さらに3倍の売上へ向け各段階のKPIを検証

――今、宮野さんの部門は何人いらっしゃるのですか? また、領域が違うとKPIの設定も難しそうですが、どう設定し管理されているのでしょうか。

宮野:人数は、30人弱ですね。KPIについては、たとえばECひとつとっても購買ファネルの上・中・下でそれぞれのKPIを追いかけて、全体最適にならないケースも多いと思います。でも、KPIが分かれていると見落としがちですが、上中下で一人のお客様を追っているのですよね。一段レイヤーを上げて捉えると、ECと店舗の購買でも、一人のお客様がシームレスに動いています。
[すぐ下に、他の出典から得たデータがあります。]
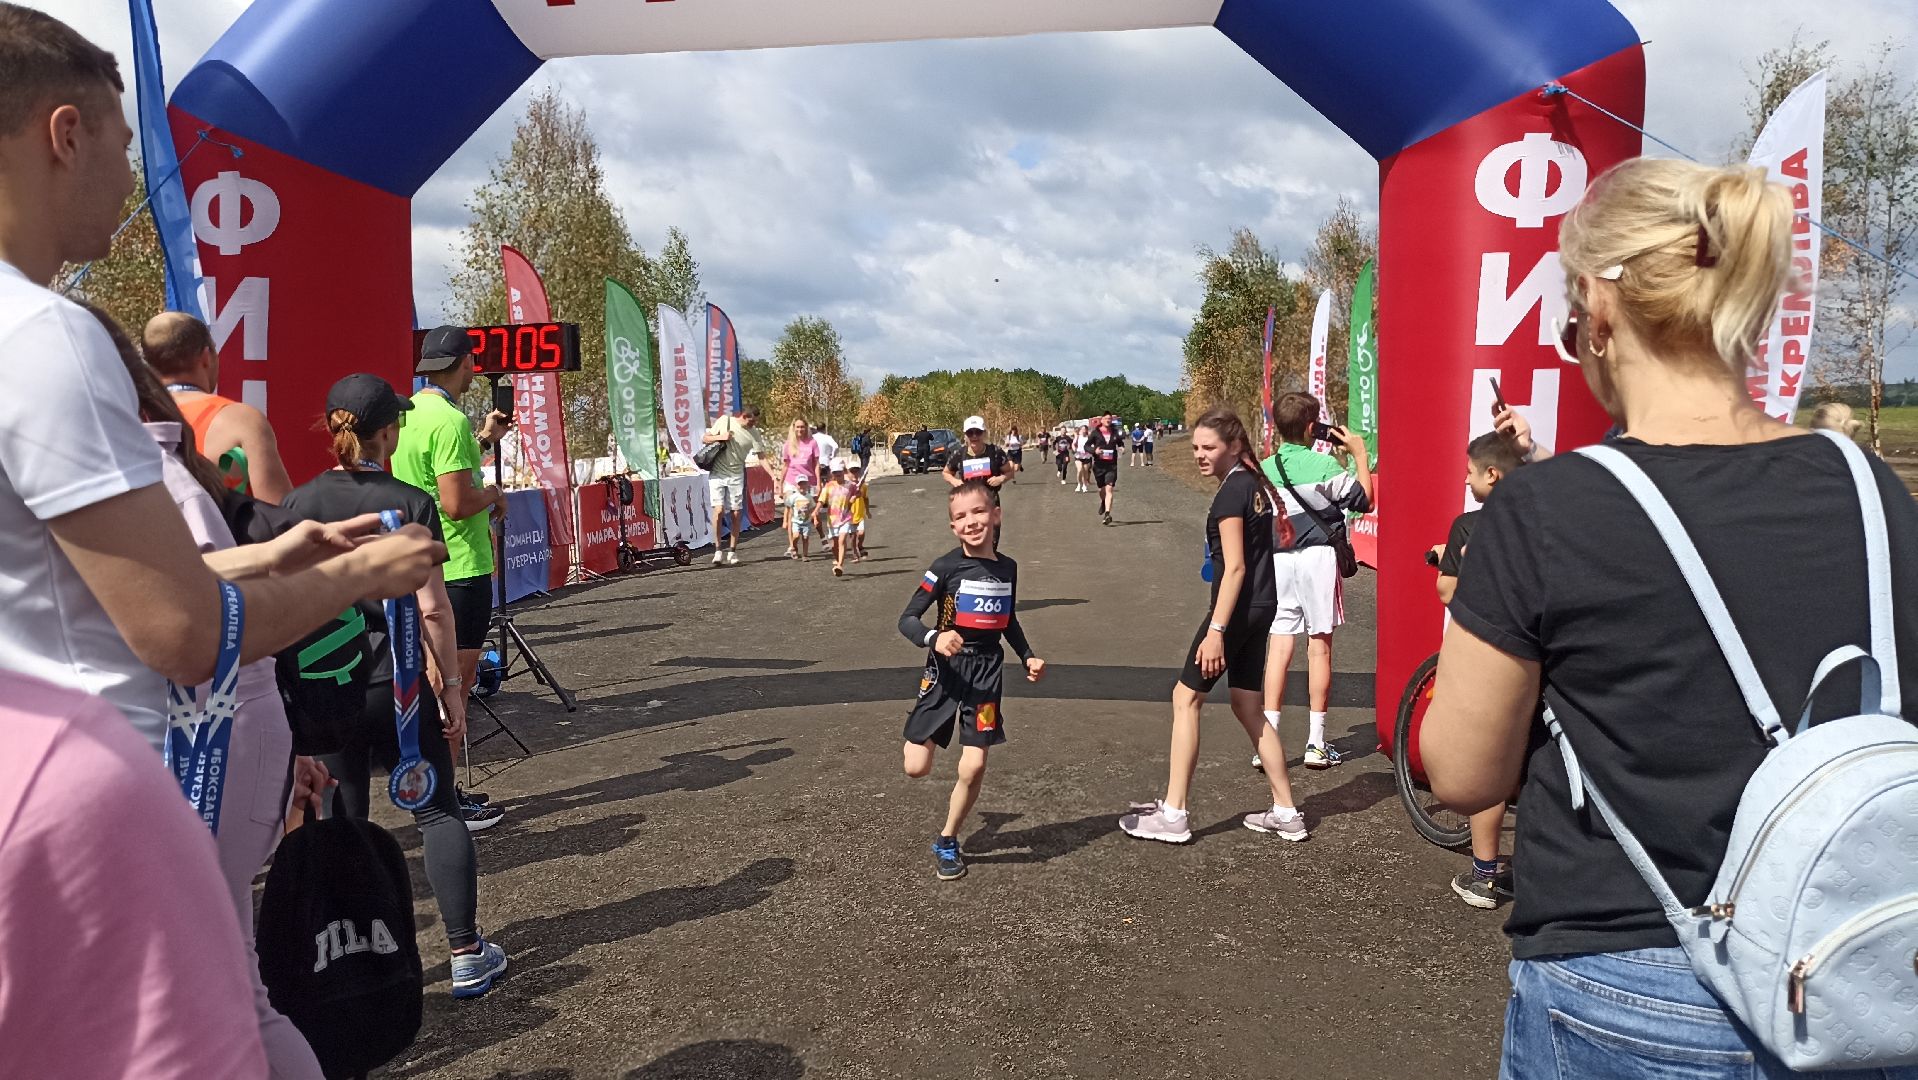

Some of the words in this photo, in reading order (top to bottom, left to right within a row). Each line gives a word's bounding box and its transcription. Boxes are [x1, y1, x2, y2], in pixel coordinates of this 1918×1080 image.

[1464, 132, 1588, 513] ФИН
[972, 597, 1002, 613] 266
[405, 606, 415, 670] #БОКСЗАБЕГ
 そのつながりを理解し、一人のお客様のブランド体験を把握できないと、どの段階においても最適なコミュニケーションを実現することはできません。個別のKPIを見つつも全体として売上という大きな指標を目指すには、やはり部門がひとつになることが必要だったと感じています。各部門のやり方を学び、尊重しながら、それぞれの指標の関係性をひもといて最適な管理を構築しているところです。

――宮野さんの数字のミッションはありますか?

シュシャン:3倍です。3はとても好きな数字ですね!

宮野:はい(笑)。当然、売上をはじめとする数字のミッションは負っています。先ほどのKPIの話にも通じますが、ではその売上を立てるには何がどうなればいいかをお客様のカスタマージャーニーをもとに分解し、各部門のKPIに落とし込んでいます。

 たとえばゴディバの認知率はとても高いのですが、購買には認知のほかに、ブランドへの好感や共感が必要です。また、消費者の方が我々のブランドパーパスに共感するモーメントを捉えることも必要です。そこにKPIを置きます。
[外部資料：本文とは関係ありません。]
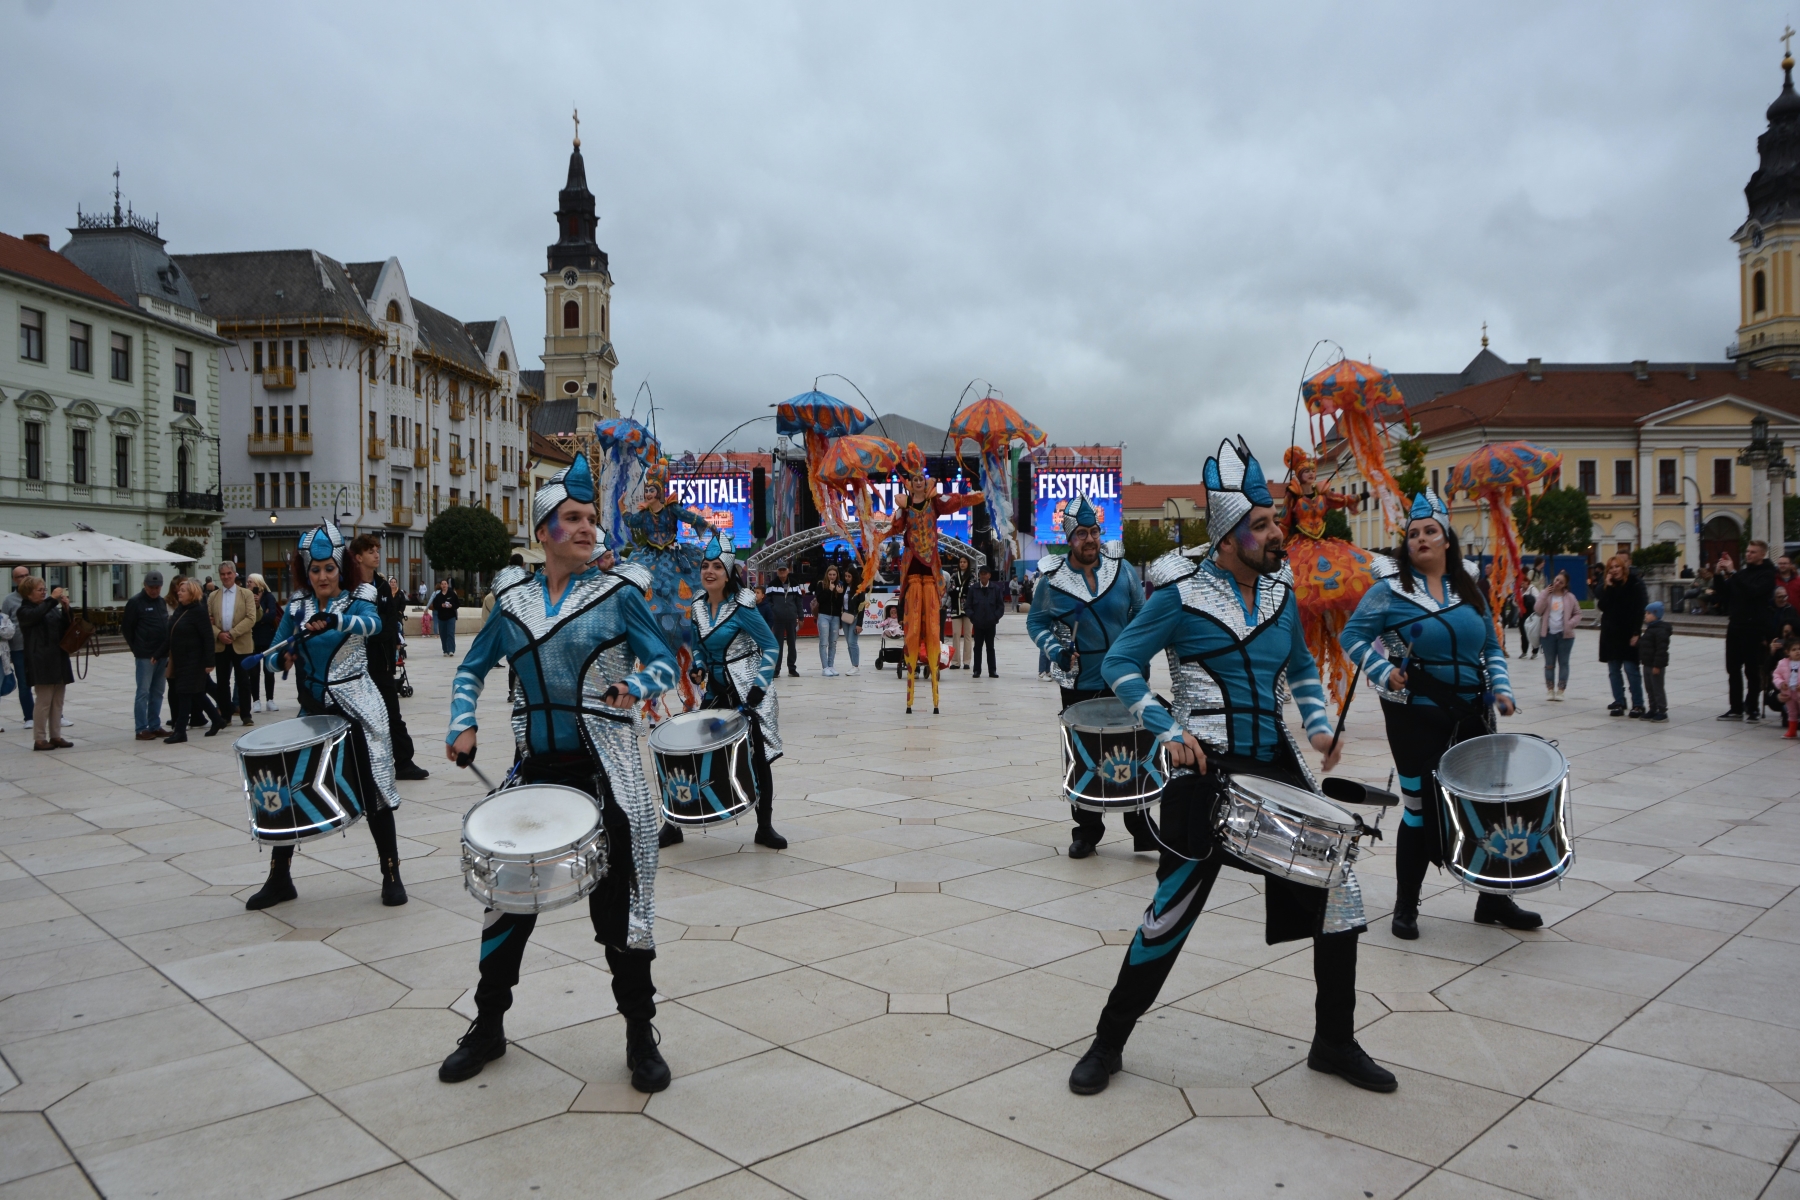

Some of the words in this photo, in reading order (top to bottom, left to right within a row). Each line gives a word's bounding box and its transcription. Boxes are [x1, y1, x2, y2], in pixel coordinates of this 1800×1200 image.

[1038, 473, 1118, 499] FESTIFALL
[162, 526, 188, 537] ALPHA
[189, 527, 211, 538] BANK
 購買の時点には当然そのKPIがありますし、その後の満足度、リピート購買や口コミにもKPIがあります。各指標の売上への貢献を分解すれば、全体を3倍にするための各KPIの目標値も算出できます。今、そのプランを立てて実践しようとしています。

 ただ、それも随時、走らせながら改善していくつもりです。今、お客様の生活や価値観はとてもスピーディーに変わっていくので、過去のゴールデンパターンにこだわっていては成長は止まります。効果測定と検証を繰り返して、KPIも合わなければ変えていきます。

企業文化を踏まえたデータドリブンマインドを醸成していく

――現在ゴディバにある85万規模の会員組織は大きな資産だと思いますが、今後ブランド強化や売上にどう活用していくお考えですか?

宮野:まず、CRMの顧客データは現在かなりの種類がありますが、それらが一元管理されオンライン・オフラインを一気通貫で活用できる状態になっていないので、その整備が急務です。今後は本社である日本の主導でデータを一元化し、お客様にハッピーなブランド体験を一貫して届けられるようにしていきます。

 一度接点を持った方に、今度は違うオケージョンで違うゴディバ商品に接して満足していただけたら、エンゲージメントが高まっていきますよね。データを使って、そんなプランニングをしていきたいと考えています。

 ビジネスの観点では当然、データを使って需要予測の精度も上げていきます。地域ごとの売れ筋商品と、気温や住んでいる方のライフスタイルとの関連がわかれば、各地の在庫の最適化も可能だと思います。

――では最後に、今後の展望をうかがえますか?

シュシャン:今後は、データ活用に必要なツールやシステムへは積極的に投資していきます。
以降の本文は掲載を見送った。